Le Tribunal constate que la structure du signe en cause est susceptible d’une représentation graphique. En revanche, tel n’est pas le cas de l’impression tactile produite par cette structure. En effet, l’impression tactile produite par le signe dont l’enregistrement est demandé ne ressort pas de manière précise et complète de la représentation graphique de ce signe en elle-même, mais, tout au plus, de la description l’accompagnant. Dès lors, cette description ne précise pas la représentation graphique du signe au sens de la jurisprudence ( 3 ), mais, au contraire, peut susciter des doutes sur l’objet et l’étendue de cette représentation graphique en ce qu’elle tente d’élargir l’objet de la protection demandée.
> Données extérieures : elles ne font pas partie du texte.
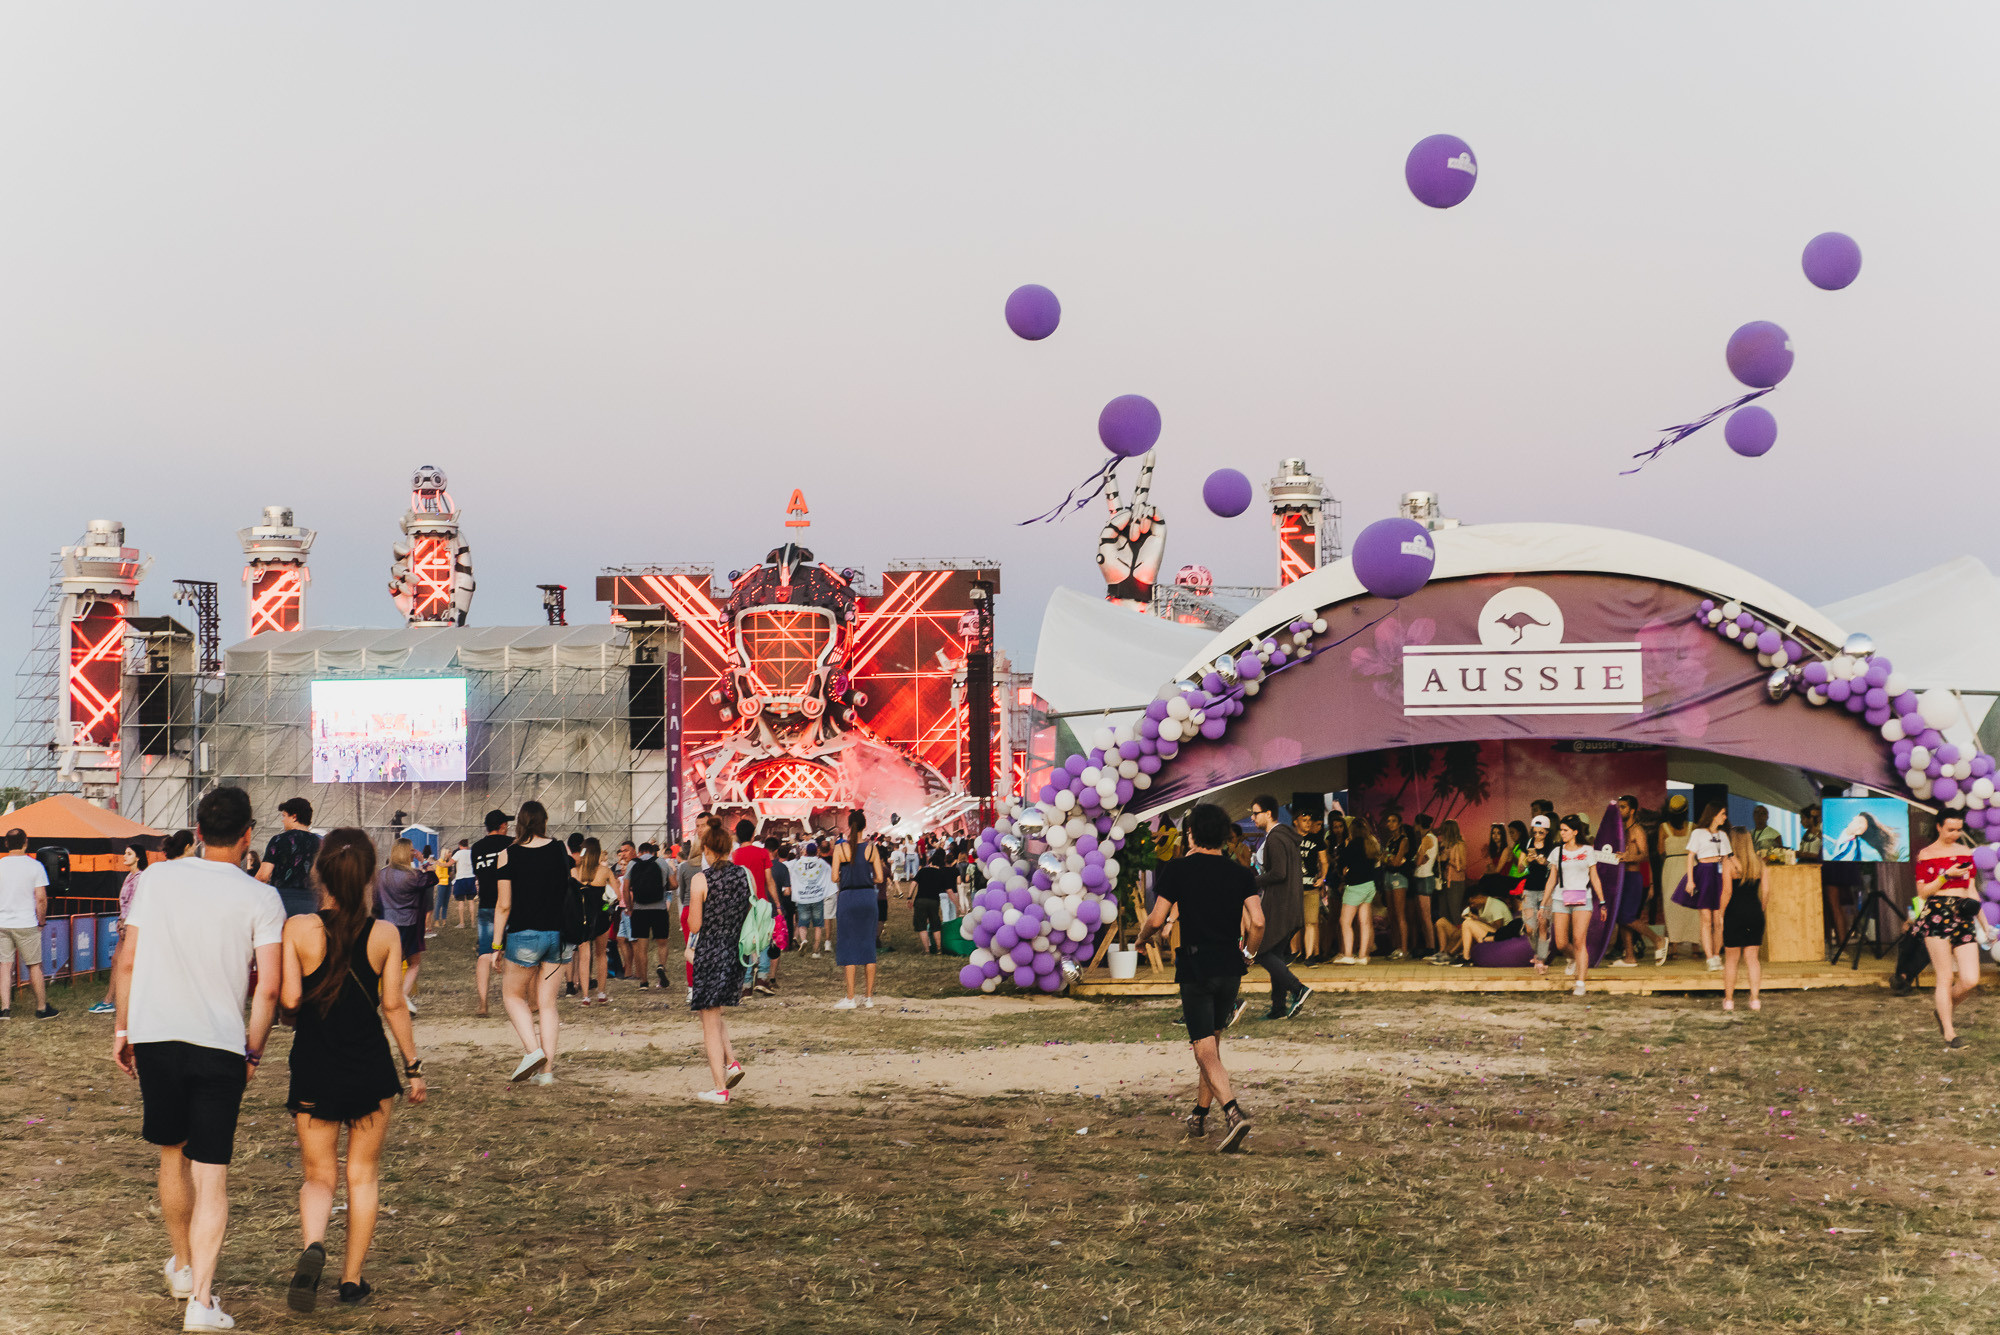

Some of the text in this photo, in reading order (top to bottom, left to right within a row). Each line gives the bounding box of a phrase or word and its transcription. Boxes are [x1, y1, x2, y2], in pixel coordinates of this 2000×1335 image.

[786, 488, 809, 514] A
[1421, 666, 1625, 693] AUSSIE
[476, 852, 500, 870] AF
Le signe en cause ne remplit donc pas les conditions visées à l’article 4 du règlement no 207/2009 et se heurte au motif absolu de refus visé à l’article 7, paragraphe 1, sous a), de ce règlement, selon lequel sont refusés à l’enregistrement les signes qui ne sont pas conformes à l’article 4 susvisé. Par conséquent, l’article 7, paragraphe 1, sous b), du règlement no 207/2009 n’était pas susceptible de s’appliquer à l’appréciation de la demande d’enregistrement du signe en cause, lequel n’était pas susceptible de constituer une marque, de sorte que la chambre de recours a adopté la décision attaquée, en refusant l’enregistrement du signe en application de cette disposition, en violation du champ d’application de la loi.
( 1 ) Au sens de l’arrangement de Nice concernant la classification internationale des produits et des services aux fins de l’enregistrement des marques, du 15 juin 1957, tel que révisé et modifié.
( 2 ) Le caractère distinctif d’une marque au sens de l’article 7, paragraphe 1, sous b), du règlement (CE) no 207/2009 du Conseil, du 26 février 2009, sur la marque de l’Union européenne (JO 2009, L 78, p. 1).
( 3 ) Arrêt du 29 juillet 2019, Red Bull/EUIPO, (C-124/18 P, EU:C:2019:641, point 37 et jurisprudence citée).